━━━ MATERIAL TO PROCESS
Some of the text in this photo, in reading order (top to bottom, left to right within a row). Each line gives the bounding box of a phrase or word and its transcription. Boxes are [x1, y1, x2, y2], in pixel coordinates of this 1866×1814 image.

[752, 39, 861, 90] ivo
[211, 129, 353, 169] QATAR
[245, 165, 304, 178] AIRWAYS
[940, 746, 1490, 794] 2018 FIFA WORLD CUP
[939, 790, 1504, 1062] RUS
━━━━━━
> PROBLEM DETAILS
A precise copy of all the records is needed.

> SOLUTION
Some of the text in this photo, in reading order (top to bottom, left to right within a row). Each line gives the bounding box of a phrase or word and its transcription. Boxes are [x1, y1, x2, y2], in pixel coordinates of this 1866×1814 image.

[752, 39, 861, 90] ivo
[211, 129, 353, 169] QATAR
[245, 165, 304, 178] AIRWAYS
[940, 746, 1490, 794] 2018 FIFA WORLD CUP
[939, 790, 1504, 1062] RUS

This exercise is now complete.